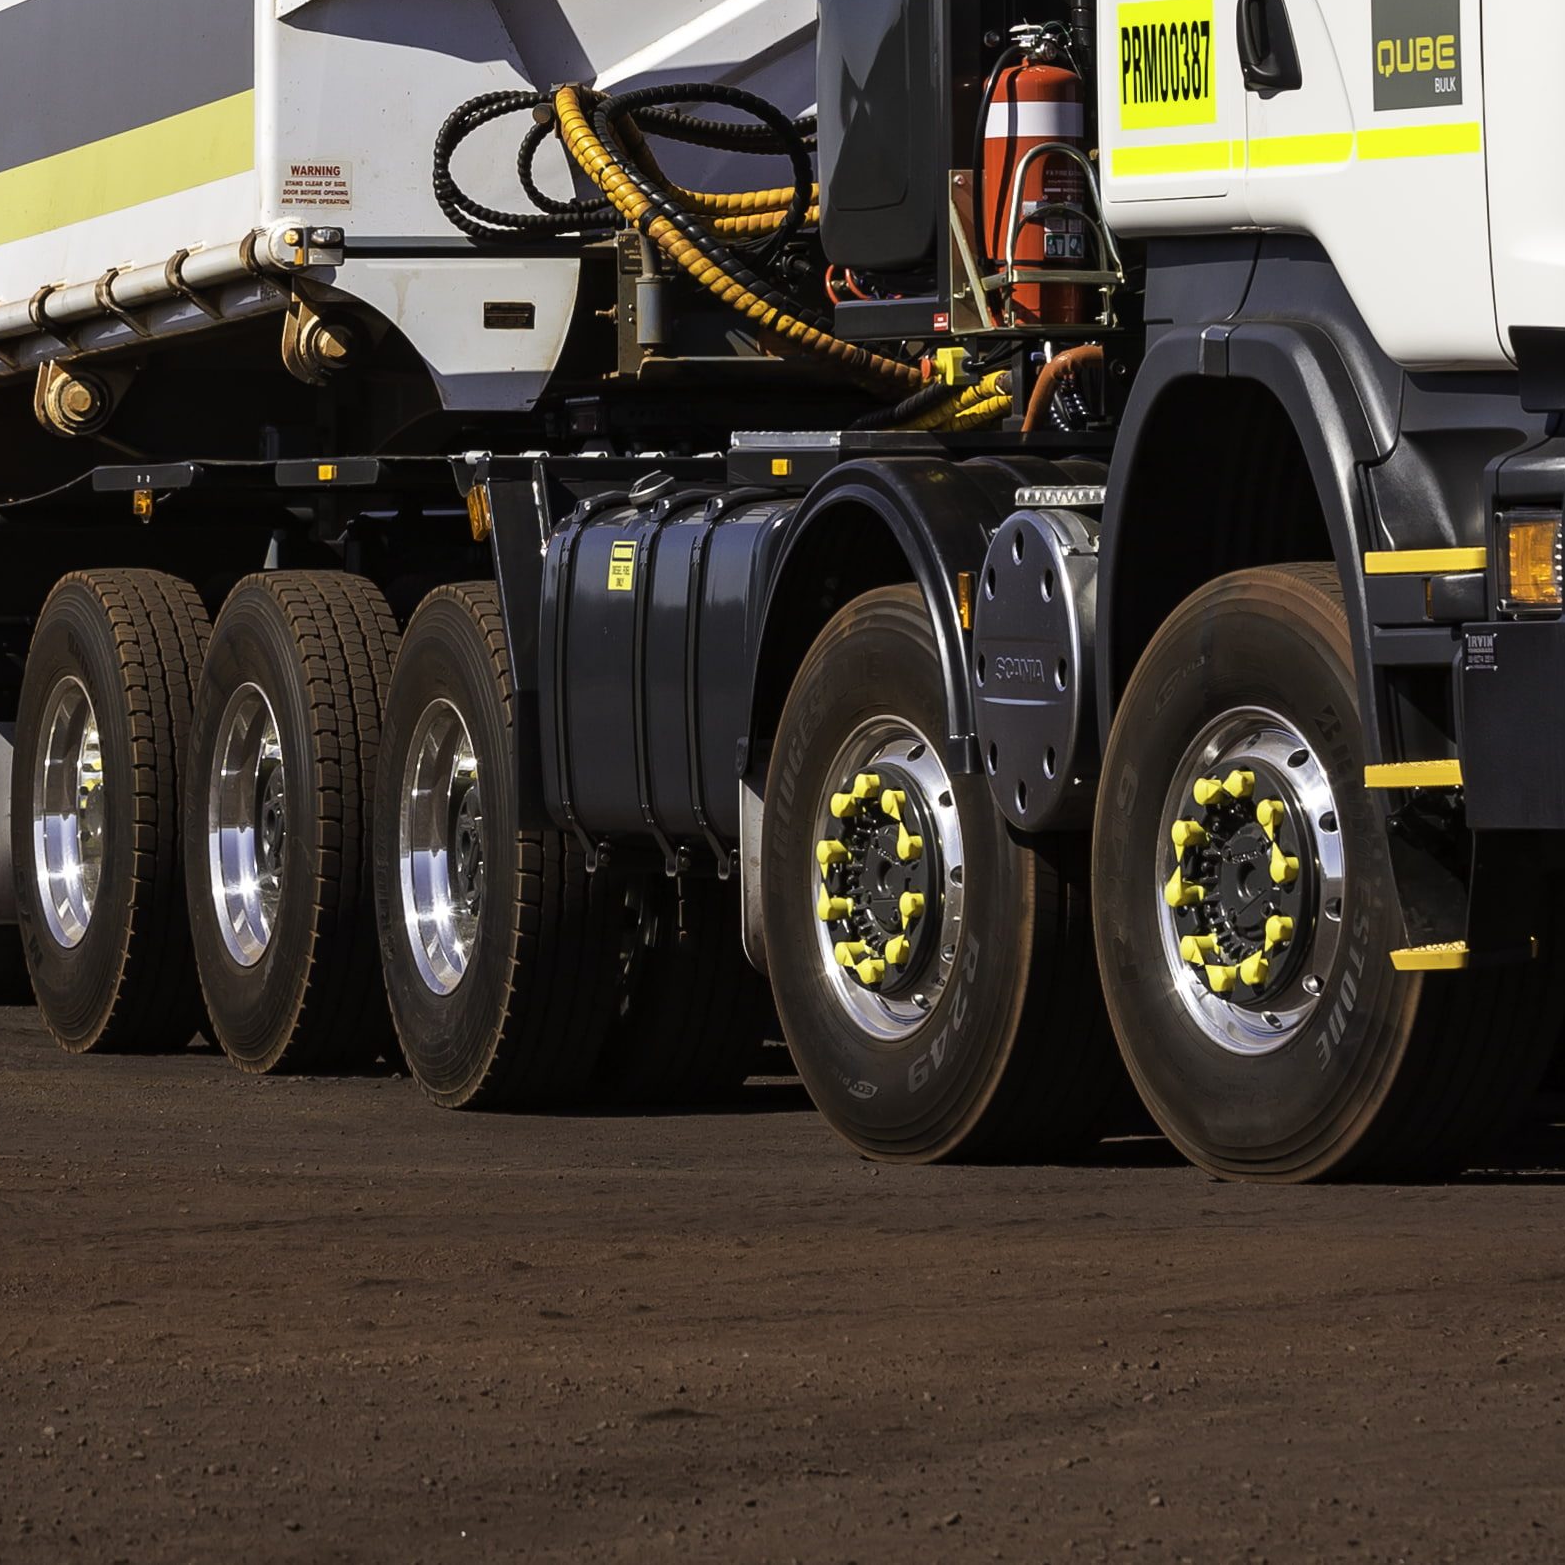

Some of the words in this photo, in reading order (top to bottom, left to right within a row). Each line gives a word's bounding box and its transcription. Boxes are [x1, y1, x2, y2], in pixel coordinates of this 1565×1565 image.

[1121, 20, 1210, 105] PRM00387
[1377, 35, 1455, 77] QUBE
[1434, 76, 1456, 93] BULK
[290, 165, 341, 176] WARNING
[995, 657, 1045, 683] SCANIA
[907, 932, 980, 1095] R249
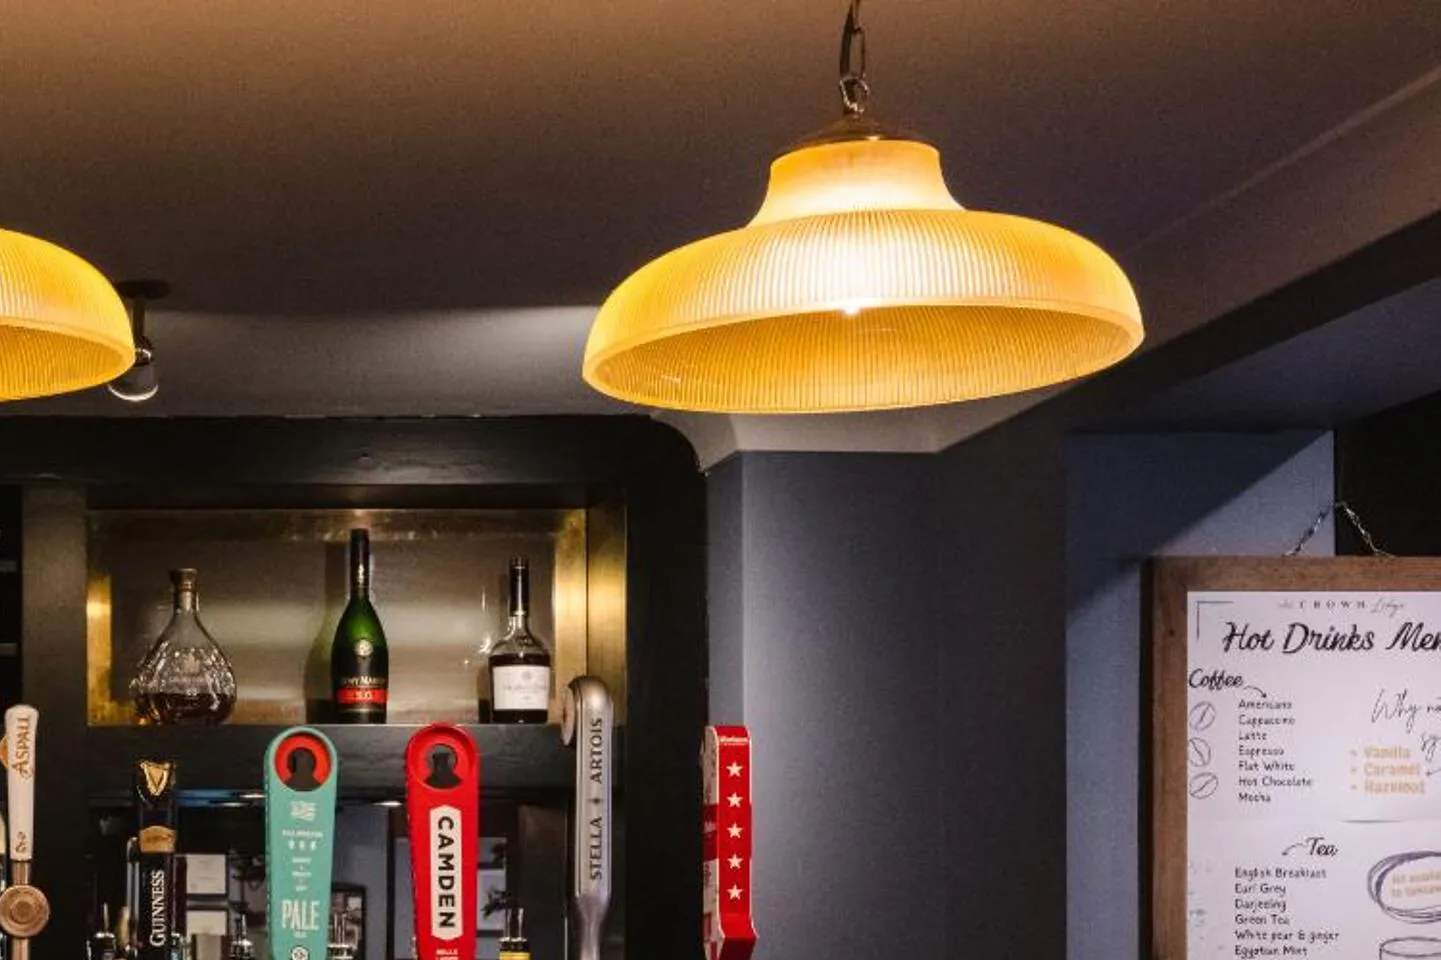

» **Activity**
Please produce an exact copy of all the material, leaving out the pictures.

» **Answer**
Some of the words in this photo, in reading order (top to bottom, left to right within a row). Each line gives a word's bounding box and its transcription. Boxes are [x1, y1, x2, y2], in pixel coordinates of this 1565×1565 image.

[1121, 20, 1210, 105] PRM00387
[1377, 35, 1455, 77] QUBE
[1434, 76, 1456, 93] BULK
[290, 165, 341, 176] WARNING
[995, 657, 1045, 683] SCANIA
[907, 932, 980, 1095] R249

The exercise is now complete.